Brazil breaks silence on Nicaraguan repression and calls for dialogue with the regime

President Lula at a public ceremony in Brasilia at the 2nd ADRIANO MACHADO (REUTERS)

Brazilian President Luis Inácio Lula da Silva was in the US capital on an official visit the day 222 Nicaraguan opponents were released from prison and exiled, unaware that they were being sent to Washington to meet with his counterpart Joe Biden. Since that day, the Lula government has been silent about this and about Daniel Ortega’s subsequent repressive measures against opponents. After Brazil failed to join the 55 countries that had joined a report denouncing crimes against humanity, Brazil broke its silence on Tuesday and proposed to the UN to “open a dialogue with the government of Nicaragua” to open, said the ambassador at the headquarters of this body. Geneva, Switzerland).
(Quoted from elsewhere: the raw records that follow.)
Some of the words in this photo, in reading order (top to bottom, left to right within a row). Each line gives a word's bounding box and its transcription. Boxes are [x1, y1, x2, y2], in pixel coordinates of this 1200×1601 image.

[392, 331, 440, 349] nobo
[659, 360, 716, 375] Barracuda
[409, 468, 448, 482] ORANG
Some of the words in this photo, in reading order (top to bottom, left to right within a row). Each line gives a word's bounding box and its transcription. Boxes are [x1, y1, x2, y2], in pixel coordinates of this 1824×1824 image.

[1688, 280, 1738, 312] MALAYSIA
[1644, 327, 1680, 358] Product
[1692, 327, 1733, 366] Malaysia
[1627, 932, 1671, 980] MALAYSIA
The forum chosen by Brazil to position itself for the Central American country was the United Nations Human Rights Council in Geneva. Ambassador Tovar Nunes took advantage of a meeting dedicated to Nicaragua to read the brief statement. In it, the Brazilian diplomat calls for a “constructive approach” that also includes a dialogue with Ortega “and all relevant actors”. Brazil also expresses concern over “reports of serious human rights violations and restrictions on democratic space, in particular summary executions, arbitrary arrests and torture”.

The executive branch led by Lula also offers to host Nicaraguan dissidents who have been declared stateless by President Ortega. It is a candidacy that Spain and the main Latin American governments have been anticipating in recent weeks.
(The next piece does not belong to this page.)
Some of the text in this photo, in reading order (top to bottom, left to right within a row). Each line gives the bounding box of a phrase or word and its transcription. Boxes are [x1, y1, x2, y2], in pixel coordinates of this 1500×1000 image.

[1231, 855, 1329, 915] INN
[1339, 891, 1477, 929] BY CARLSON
Chile, led by President Gabriel Boric, was the first Latin American power to openly and harshly condemn the latest wave of repression. As the days passed, Mexico and Colombia hardened their initial indifference. And Argentina opened its arms to the stateless two weeks ago. Meanwhile, Lula and his chancellor, Mauro Vieira, remained silent.

With this statement to the UN, Lula’s Brazil takes a stand, having distanced itself a few days ago from the statement condemning the regime and joining the report of a group of specialists accusing various Nicaraguan institutions of crimes against humanity, including President Ortega and his Vice President and wife Rosario Murillo. “Brazil believes that the path of dialogue should be taken and did not see this as an option in the texts it did not adhere to,” State Department sources said.
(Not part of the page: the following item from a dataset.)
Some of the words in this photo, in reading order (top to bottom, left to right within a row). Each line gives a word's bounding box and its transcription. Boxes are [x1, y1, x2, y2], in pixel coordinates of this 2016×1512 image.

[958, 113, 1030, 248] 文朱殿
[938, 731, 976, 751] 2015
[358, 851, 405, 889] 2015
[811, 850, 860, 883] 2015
In introducing the report, lead expert Jan-Michel Simon compared the Nicaraguan regime to Nazism and said that “using the judicial system against political opponents as it happened in Nicaragua is exactly what the Nazi regime did.


Brazilian diplomacy seems determined to establish an independent profile that remains true to its traditional neutrality. Two Iranian naval ships docked in Rio de Janeiro these days, despite pressure from the United States. And in the war in Ukraine, the Latin American superpower has condemned the invasion but has refused to arm the Ukrainians to comply with sanctions and is seeking help from China and other countries to push through a negotiated settlement.

In these first months of his third term, Lula prefers to speak publicly about the repression and lack of freedoms in Nicaragua, Venezuela and Cuba, which are the source of harsh internal criticism in Brazil. In addition, Nicaragua played a leading role in Brazil’s election campaign through former President Jair Bolsonaro, who made Ortega’s attacks on Catholic priests and nuns one of his campaign arguments and warned Lula not to go down that path.

Nearly a month has passed since these 222 opponents were awakened in their cells, put on a plane, deported to Washington, and their citizenships stripped away. Spain immediately offered them to become Spaniards. The Nicaraguan authorities did not stop there. They deprived the nationality of another hundred, including the writer Sergio Ramírez and the poet Gioconda Belli, and dispossessed the homes of other exiles.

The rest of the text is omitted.